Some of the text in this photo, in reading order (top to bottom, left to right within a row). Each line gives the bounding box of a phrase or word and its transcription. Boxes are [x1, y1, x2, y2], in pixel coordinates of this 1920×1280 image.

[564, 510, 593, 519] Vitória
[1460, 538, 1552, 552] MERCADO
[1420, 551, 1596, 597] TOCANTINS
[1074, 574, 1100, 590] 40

+++

◆ **PROBLEM DESCRIPTION**: Every entry is to be retyped word for word.

◆ **ANSWER BOX**:
Some of the text in this photo, in reading order (top to bottom, left to right within a row). Each line gives the bounding box of a phrase or word and its transcription. Boxes are [x1, y1, x2, y2], in pixel coordinates of this 1920×1280 image.

[564, 510, 593, 519] Vitória
[1460, 538, 1552, 552] MERCADO
[1420, 551, 1596, 597] TOCANTINS
[1074, 574, 1100, 590] 40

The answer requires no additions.